He and Vida sit in silence, wallowing hand in hand. It’s all they can do. Brandon insisted Vida put on the t-shirt to abate her shivering. He also gave her his thin sweatshirt.
After carefully thinking about how to word all he needs to say, he clears his throat. “You know I love horror fiction… before this anyway… I often thought, like most fans must, ‘If it really happened, could I survive?’ I would wonder who I’d like to be trapped with during a zombie apocalypse, and what CD would I want if I could only have one. I’m glad it’s you. You’re the only one I’d want to be with during this. I know I haven’t been the best boyfriend…”
“We’ve only been going out for seven months.”
“Seven of the best months. You are the one person I’d choose to spend the rest of my life with. I knew it the first time I heard you play guitar.”
Vida laughs. “The first thing you heard me play was La Cucaracha.”
“It was beautiful. The way you get lost in a piece, even one you’ve probably played a million times. It’s amazing.”
He trails off, looking away from her eyes because he doesn’t want her to see his tears.
Eyes glazed with remorse, Brandon says, “I wish I could stay, Vida. I love you.” It is the first time either has said those words to the other.
“Brandon?”
“I don’t know what this is, but the bite is certainly what causes someone to… turn into one of them,” He regards the slack faces. Beyond them, Lloyd is twitching. “I’m not going to become one of them around you.”
There is no room to argue his conclusion; the evidence is far too great. Especially now that Lloyd slithers along the ground with skeletal limbs, joining the horde.
She looks into Brandon’s eyes. “I love you too.”

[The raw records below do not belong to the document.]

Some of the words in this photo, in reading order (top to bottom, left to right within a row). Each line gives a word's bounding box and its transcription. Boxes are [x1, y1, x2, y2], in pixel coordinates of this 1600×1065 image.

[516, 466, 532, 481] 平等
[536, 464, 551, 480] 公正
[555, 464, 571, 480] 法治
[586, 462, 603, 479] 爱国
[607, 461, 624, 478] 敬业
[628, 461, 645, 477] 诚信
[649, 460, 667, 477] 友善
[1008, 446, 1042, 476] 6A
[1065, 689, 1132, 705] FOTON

“My keys are in the pocket,” he tells her. “I’m going to lure them away. You need to get to the van and go someplace safe.”

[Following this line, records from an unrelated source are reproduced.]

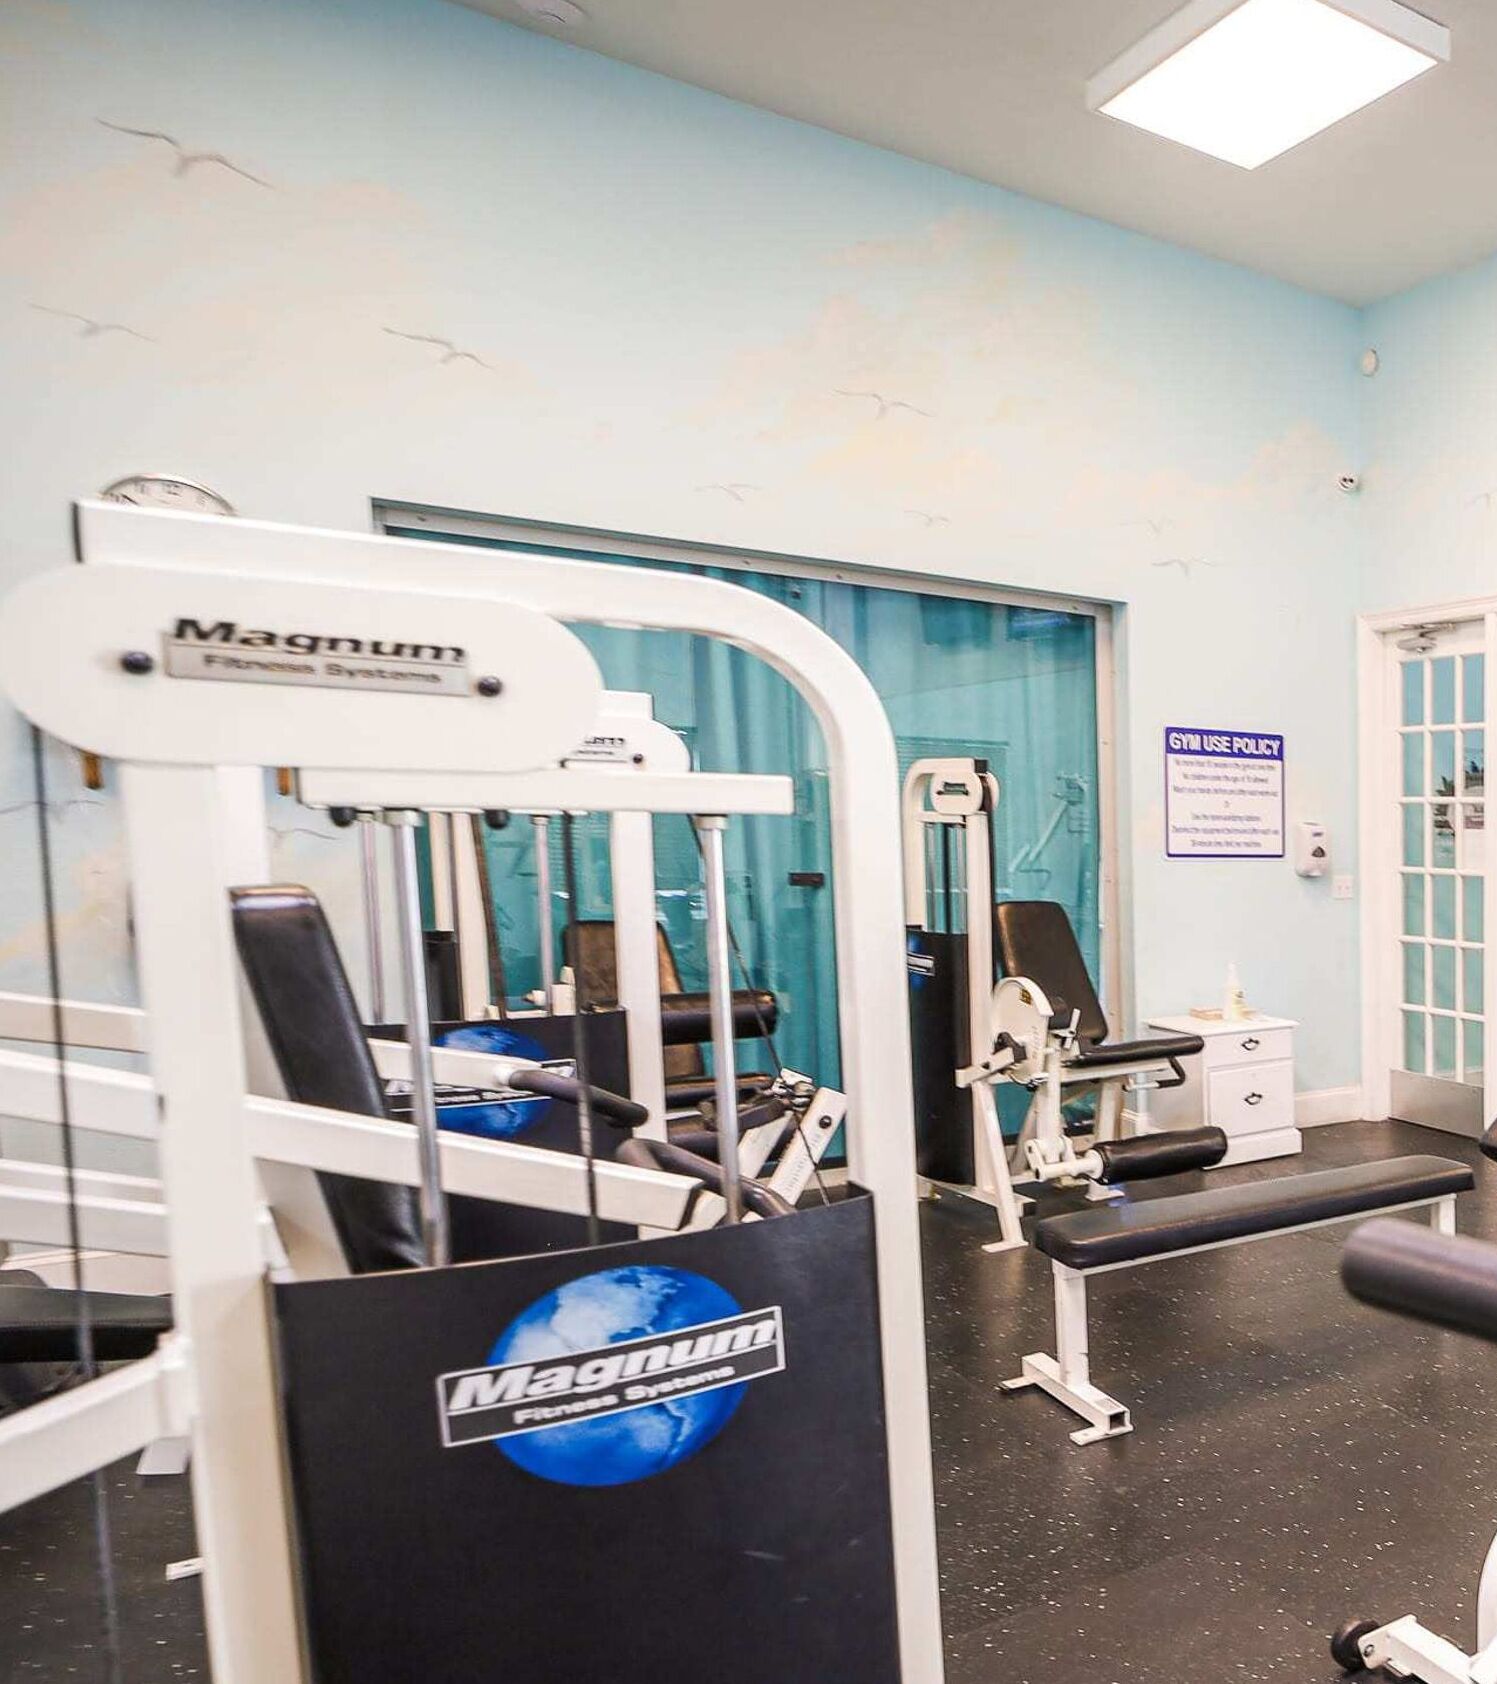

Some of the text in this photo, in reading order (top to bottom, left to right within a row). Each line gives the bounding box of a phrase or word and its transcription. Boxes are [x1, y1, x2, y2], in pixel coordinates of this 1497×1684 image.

[174, 618, 465, 662] Magnum
[203, 654, 442, 684] Fitness Systems
[1169, 732, 1280, 756] GYM USE POLICY
[449, 1318, 778, 1411] Magnum
[512, 1365, 735, 1425] Fitness Systems

“Please don’t leave me,” she whispers against his cheek.
“I have to. Promise me you’ll get to someplace safe.”
“I promise.”
“Find the police, or go home. Your dad has a gun. I remember he showed it to me the first time I picked you up.”
Neither wishes to severe their final embrace, but Brandon knows he has to if he wants her to live on. He puts his palm against the sliding back window of the pickup.
“As soon as I’m out, you need to shut this then get down.”
They repeat those three words again that mean so much, that hold magic and power, yet not enough to keep them together. “I love you.”
While the vehicle rocks from the insistent battering, Brandon quickly squeezes out through the narrow window that leads into the truck’s bed. The zombies are after him the moment he reveals himself. He has to move fast to get onto the roof.
As promised, Vida closes the window, stranding her boyfriend outside and muffling the eager moans of the ghouls that reach for the brave man above her. She slides down in the seat, looking up at the ceiling that is indented from Brandon’s weight pressing down. The dead have forgotten about her in favor of the meal that teases them in the cold air.
Brandon waits for his chance, a break in their ranks he can dart through. The hobbling figures remind him of his love of the genre and the fact that he always thought, if faced with a real-life scenario, he’d fare just fine. He can’t believe he got infected before he even knew what was going on. He can’t dwell on feeling cheated, though. He has to move. From the way the truck is now positioned, there is a gap at the tailgate between him and the dead.
A thump sounds as Brandon hops off the roof and bounds down into the bed. Vida catches only a glimpse of him in the rearview, but it’s enough to break her heart. She must resist the urge to peek out and watch his sacrifice as he leads the dead around to the back of the house. Instead she stays down with the hood of his sweatshirt concealing her as she cries.
The shuffling zombies have left the immediate area, so it’s time to move. Vida slowly exits the truck, and even with the thin hoodie the air outside is bracing. A slight breeze has picked up that slices right through her, though she can’t be sure the chill she feels is entirely environmental. She feels as if she’s in a large body of water, stranded in the middle in a life vest, her legs dangling in an icy void of the unknown. She quickens her pace, tip toeing faster to the panel van they had arrived in.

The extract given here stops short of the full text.